Страницы← предыдущаяследующая →
Две пары все еще танцевали, одну из них составляли Лиль и Ляпис. Лиль была довольна: ее приглашали весь вечер, и при поддержке нескольких бокалов все устроилось очень даже хорошо. Вольф глянул на них и, выскользнув наружу, направился к себе в кабинет. Там, в углу, на четырех ножках стояло высокое зеркало из полированного серебра. Вольф подошел к нему и вытянулся во весь рост лицом к металлу, чтобы поговорить с собой как мужчина с мужчиной. Двойник из серебра замер перед ним в ожидании. Вольф прижал руки к холодной металлической поверхности, чтобы удостовериться в присутствии отражения.

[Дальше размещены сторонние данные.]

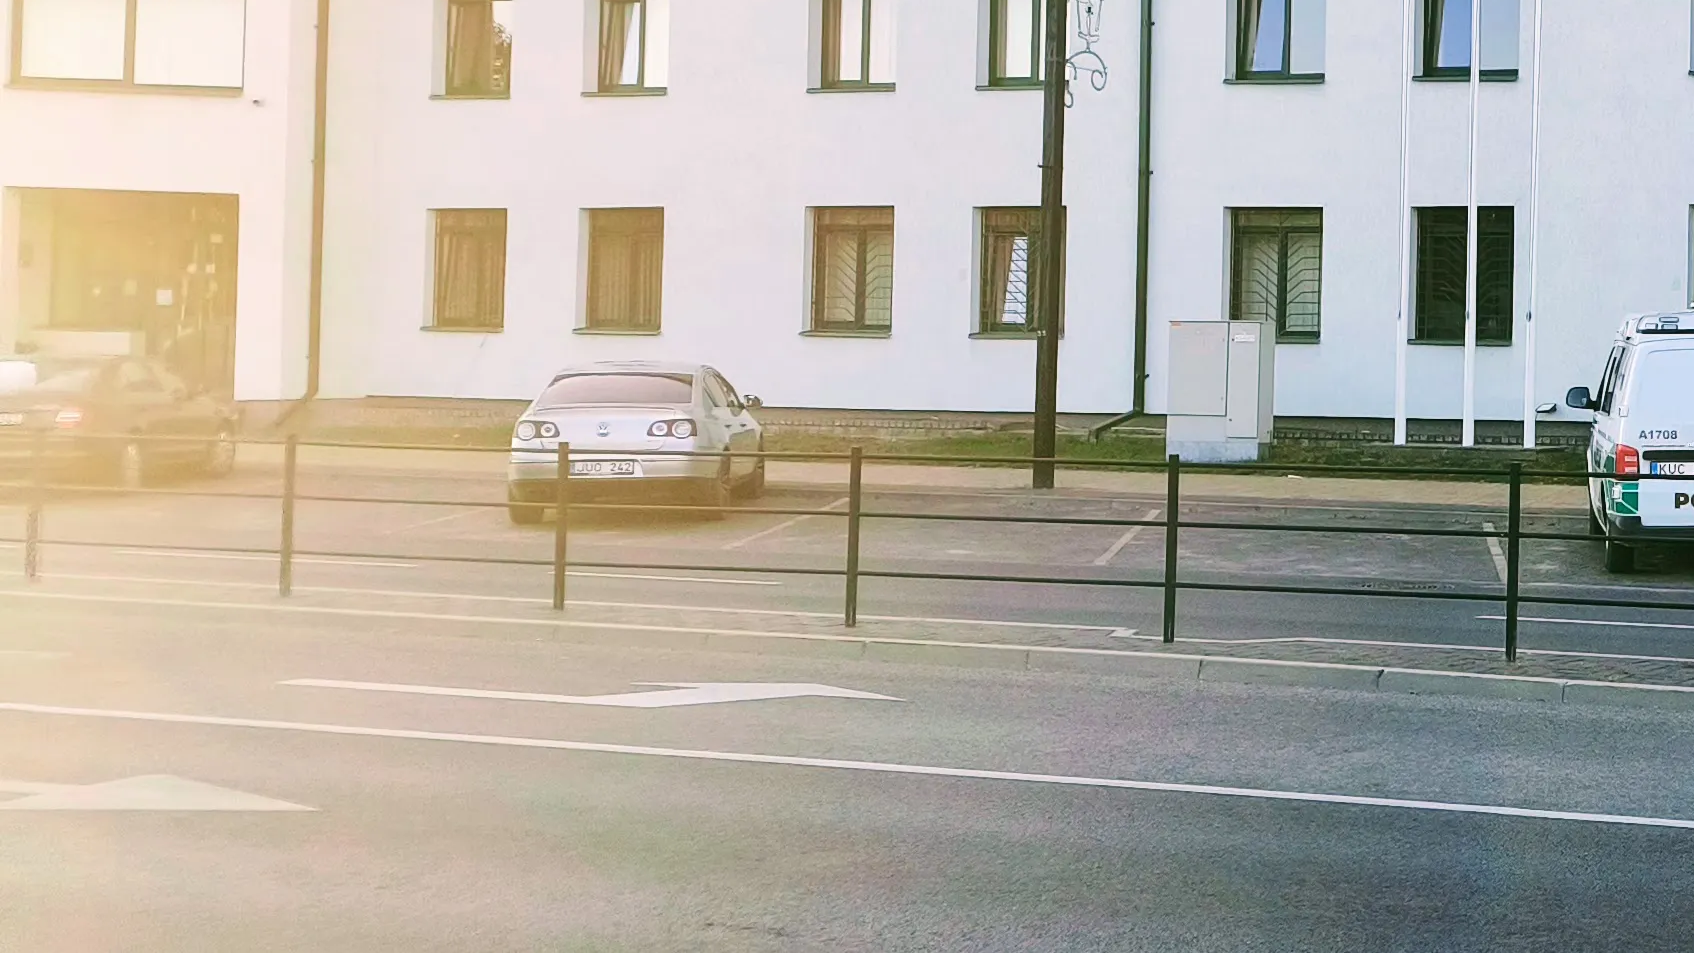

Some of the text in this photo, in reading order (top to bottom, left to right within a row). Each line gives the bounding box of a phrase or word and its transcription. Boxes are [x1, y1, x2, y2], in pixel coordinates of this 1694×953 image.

[1639, 429, 1678, 440] A1708
[610, 462, 631, 472] 242
[1660, 463, 1685, 475] KUC

– Что у тебя? – сказал он.
Отражение пожало плечами.
– Чего ты хочешь?.. – добавил Вольф. – Ты неплохо выглядишь – отсюда.
Его рука потянулась к стене и поколдовала над выключателем. Комната одним махом провалилась в темноту. Только отражение Вольфа осталось освещенным. Оно черпало свой свет из иного источника.
– Что ты делаешь, чтобы выйти из положения? – продолжал Вольф. – И, впрочем, из какого положения?
Отражение вздохнуло. Вздох утомления. Вольф расхохотался.
– Вот так, пожалей себя. Короче говоря, ничего не выходит. Скоро увидишь, приятель. Когда я войду в эту машину.
Изображение казалось весьма раздосадованным.
– Здесь, – сказал Вольф, – что я здесь вижу? Неизвестность, глаза, люди… бесплотный прах… да еще это проклятое небо, как перепонка.
– Сиди смирно, – отчетливо произнесло отражение. – А то, чего доброго, переломаешь нам ноги.
– Это обескураживает, а? – поднял его на смех Вольф. – Ты боишься, как бы я не отчаялся, когда все забуду? Лучше обмануться в своих надеждах, чем надеяться неизвестно на что. Во всяком случае, знать-то надо. Тем более что подворачивается такой случай… Но отвечай же наконец, черт возьми!..
Его визави оставался нем, неодобрителен.
– И машина мне ничего не стоила, – сказал Вольф. – Отдаешь себе отчет? Это мой шанс. Шанс всей моей жизни, вот. И чтобы я его упустил? Ни за что. Решение, которое ведет к гибели, стоит больше, чем любая неопределенность. Ты не согласен?
– Не согласен, – откликнулось отражение.
– Понятно, – грубо оборвал его Вольф. – Говорил здесь я. Ты – не в счет. Ты мне больше ни к чему. Выбираю я. Ясность. А! Болтаю тут… Тоже мне, оратор…
Он с трудом выпрямился. Перед ним маячило его изображение, будто выгравированное на листке серебра. Он снова включил свет, и оно медленно стерлось. Его рука, лежавшая на выключателе, была тверда и бела, как металл зеркала.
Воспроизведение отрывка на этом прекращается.